August 2, 2017 Kris Cherewyk
Pre-Harvest Burndown: Why Uneven Emergence Matters
As a grain producer, it’s always a satisfying feeling moving into August to see crops beginning to ripen. Of course, this means that harvest is just around the corner, which also means that it will soon be time for pre-harvest burndown (desiccation). The application of a herbicide before harvest (typically glyphosate) has become an important management tool, both in terms of harvest timing and weed control.
It is important to remember the proper stage and which crops can be safely desiccated without being subject to herbicide injury. For example, wheat can be desiccated when the seeds are at 30% moisture or when a thumbnail can be indented into the kernel without breaking. In canola, as is for swathing, the seed must have 60% color change. If seeds are not at the correct maturity at desiccation timing, they will not properly fill out and will either be lost out of the back of the combine, or remain in the sample to be downgraded at the grain elevator. In terms of grain grading, herbicide injury can be mistaken for frost or midge damage. Grade loss has a direct effect on a producer’s bottom line.
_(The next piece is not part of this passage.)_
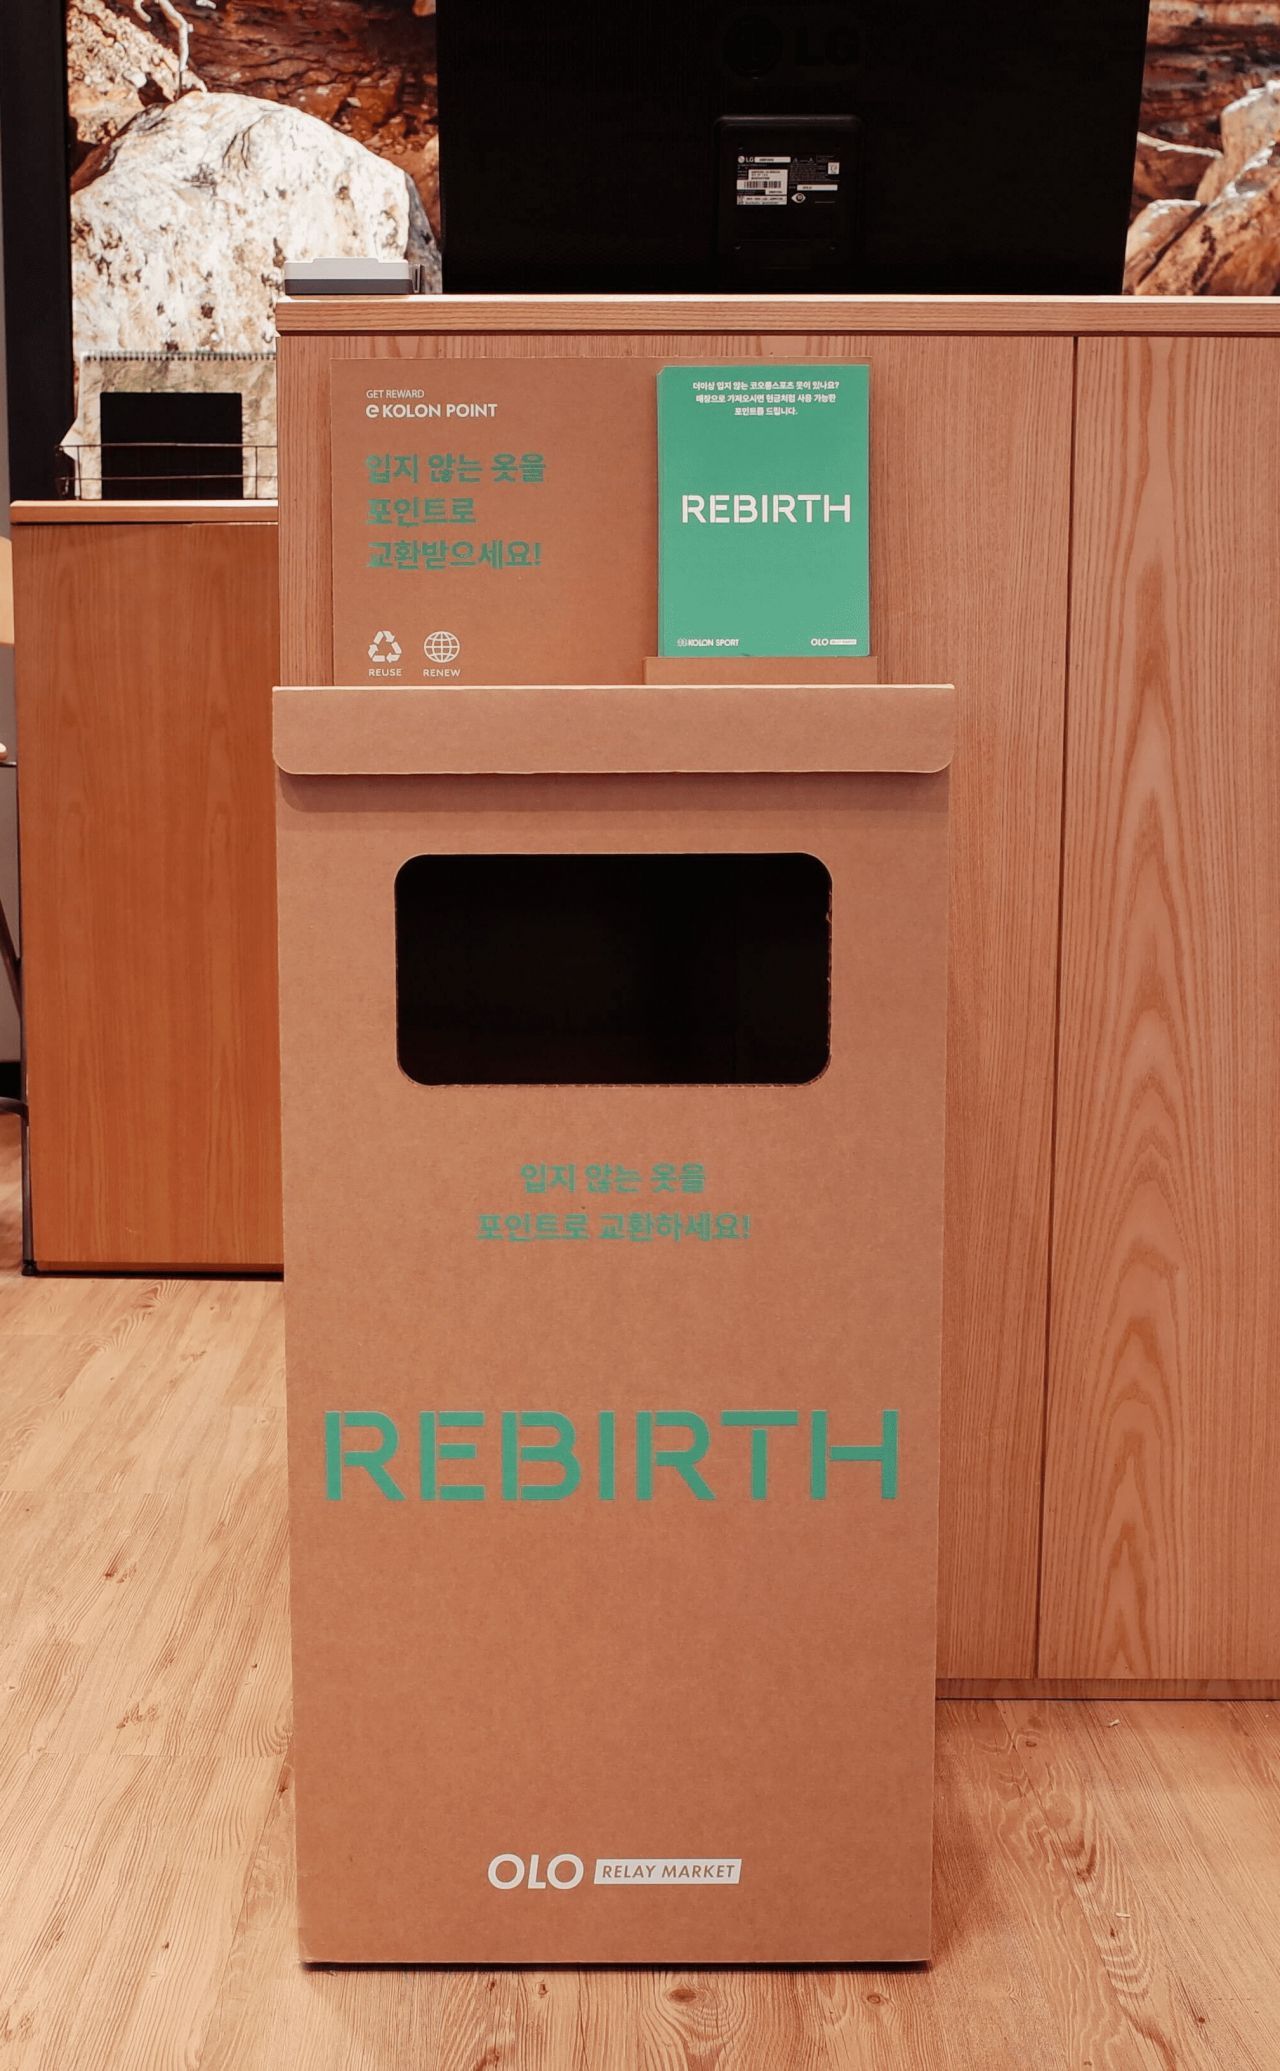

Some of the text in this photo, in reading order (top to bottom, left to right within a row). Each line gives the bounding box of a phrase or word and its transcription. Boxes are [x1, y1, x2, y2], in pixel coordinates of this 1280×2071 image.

Frost damaged kernels similar to herbicide injury. Courtesy Canadian Grain Commission
One of the causes of herbicide injury at desiccation timing is uneven maturity. The crop may appear to be mature enough to spray, but if a crop isn’t evenly matured there may be some areas that get applied before it’s ready. One of the ways to help this is to use a drill at seeding that produces a consistent, evenly matured crop in all soil types and conditions. Seed Hawk’s innovative opener design and seed-to-fertilizer placement produces consistently even maturing plants, no matter the type of crop being grown. Growers work hard through the year to produce a healthy crop, and management practices such as this is another tool available to help achieve that goal.